Deirdre Fitzpatrick, another Sherman resident, one of several people who agreed about delaying the waiving of preschool tuition, asked what consideration was being had regarding next year’s academic needs given the possibility of continued distance learning. “We are going to be using technology more, so we should look at cutting in other areas” she said. All agreed that the future is uncertain, but she was assured that administrators and the BOE have begun discussing contingency plans for the fall.

Referencing a budget packet that was mailed to Sherman taxpayers the previous week, resident Patricia Bailey asked for the enrolled numbers of students and asked that those figures be added to future mailings. Superintendent Jeff Melendez agreed, saying that there are 259 preschool through 8th grade students and 134 high-school-aged students. All agreed that those numbers may be in flux due to the pandemic, given the possibility of people moving to the town to flee more populated areas or, in converse, not sending their children to preschool or kindergarten.

There were a number of questions asking for clarification on budget line items, such as the school’s elective programs, a creativity program, and more.

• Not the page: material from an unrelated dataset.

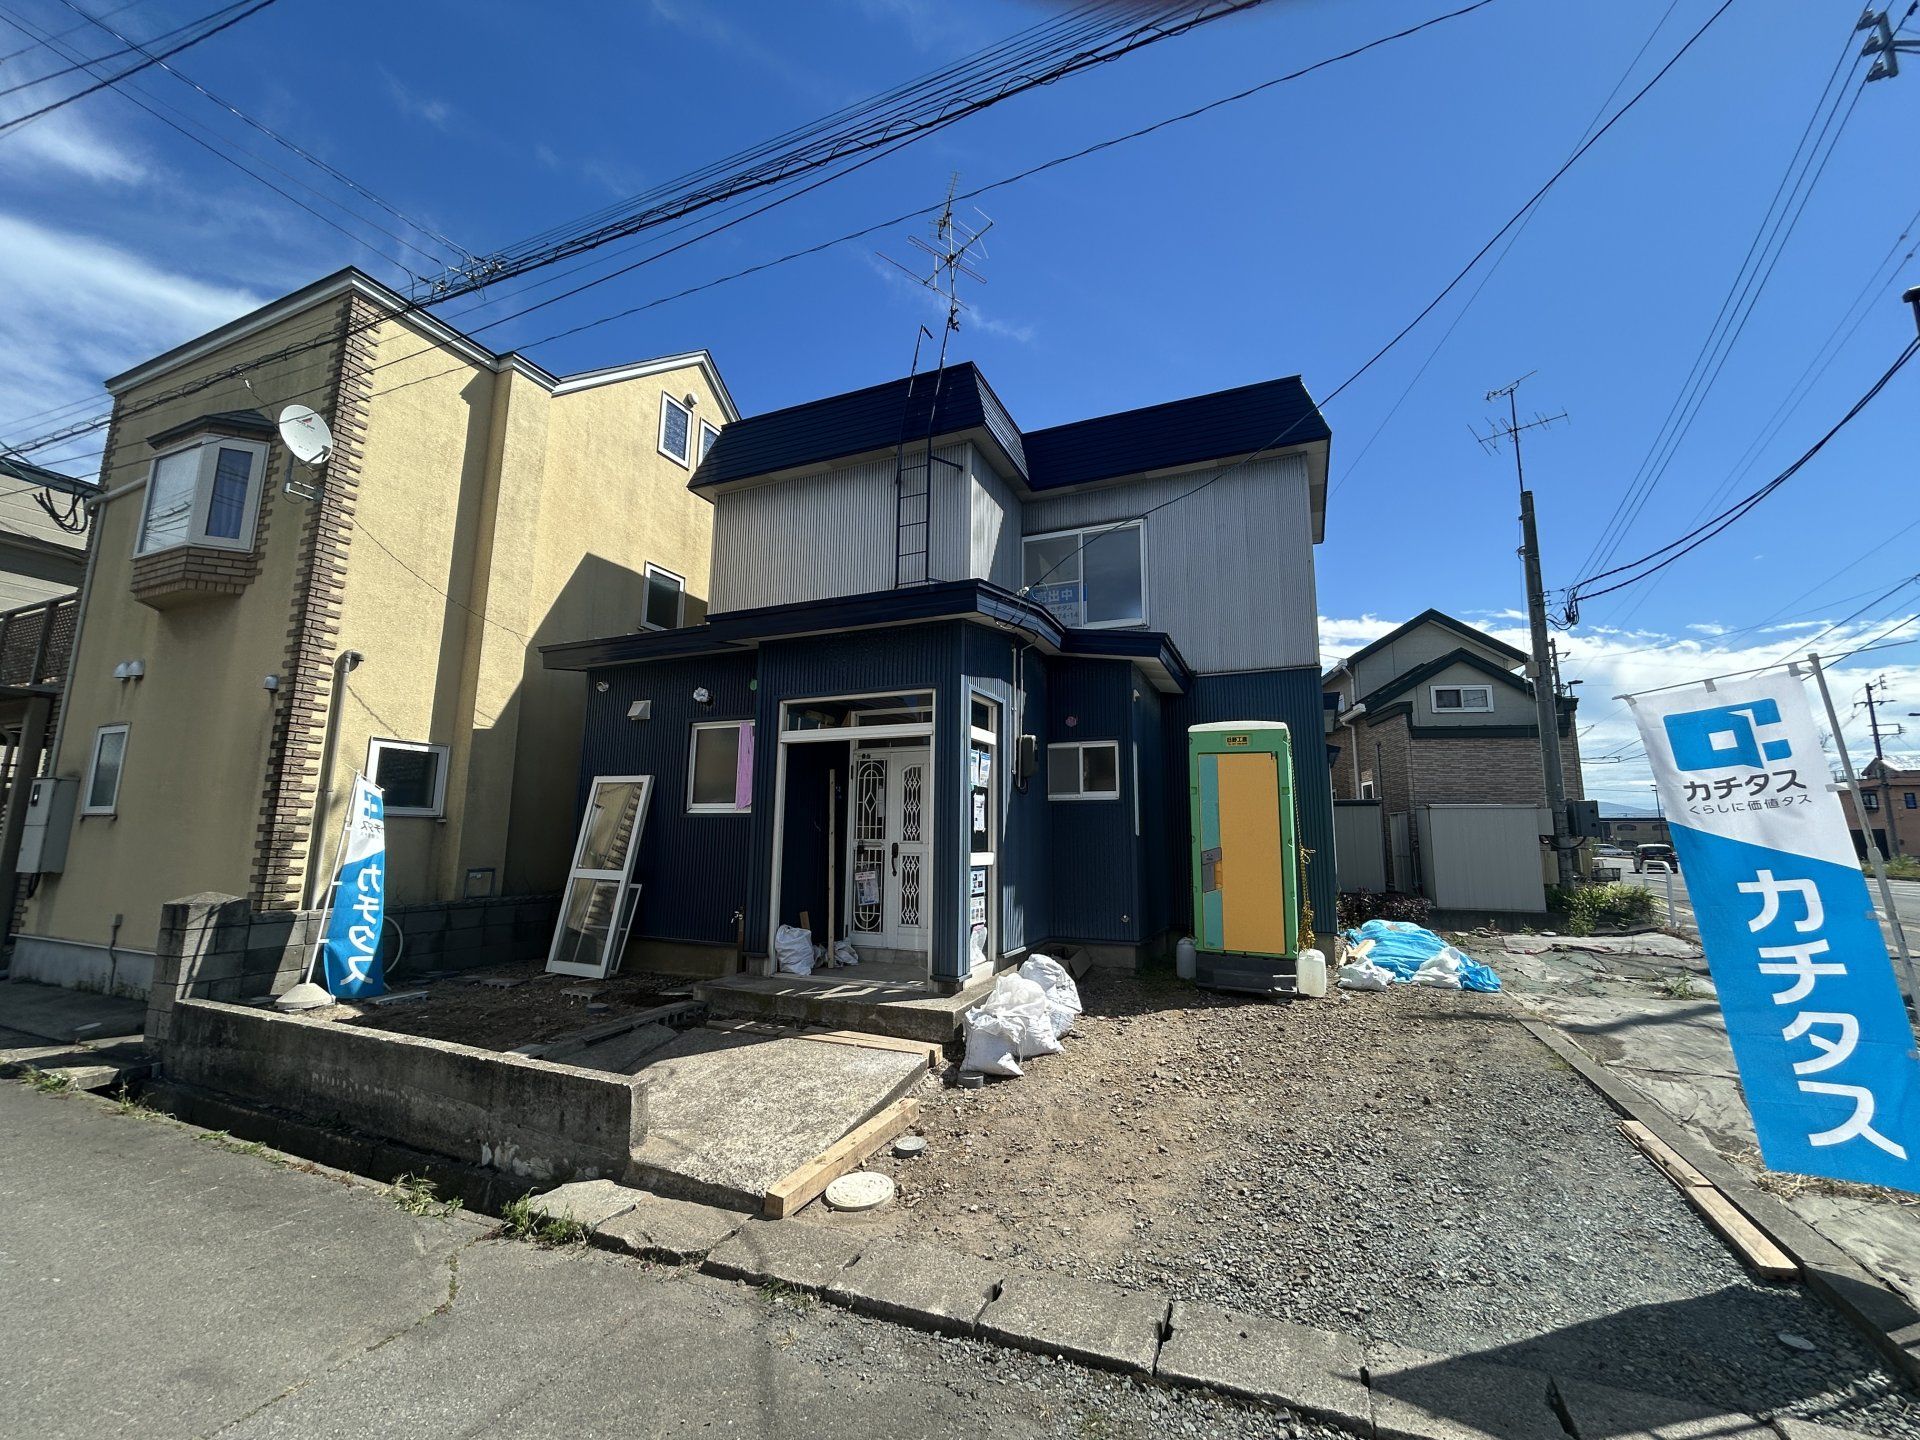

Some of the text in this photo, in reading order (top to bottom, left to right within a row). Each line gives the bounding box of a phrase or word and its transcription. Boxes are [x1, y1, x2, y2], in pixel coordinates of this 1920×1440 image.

[1683, 769, 1807, 802] カチタス
[1689, 794, 1812, 815] くらしに価値タス
[1737, 869, 1907, 1160] カチタス

Several residents thanked the town leaders for their steady leadership throughout the crisis, with resident William Jones saying, “it’s a great comfort.” Lowe responded by reminding the public, “If anyone needs anything, needs any help, just let me know. We all have to work together through this and we will get through this.”

BOS member Bob Ostrosky was pragmatic about the future, saying “We don’t know what will happen. We will probably blow some categories in the budget and be under in other areas.”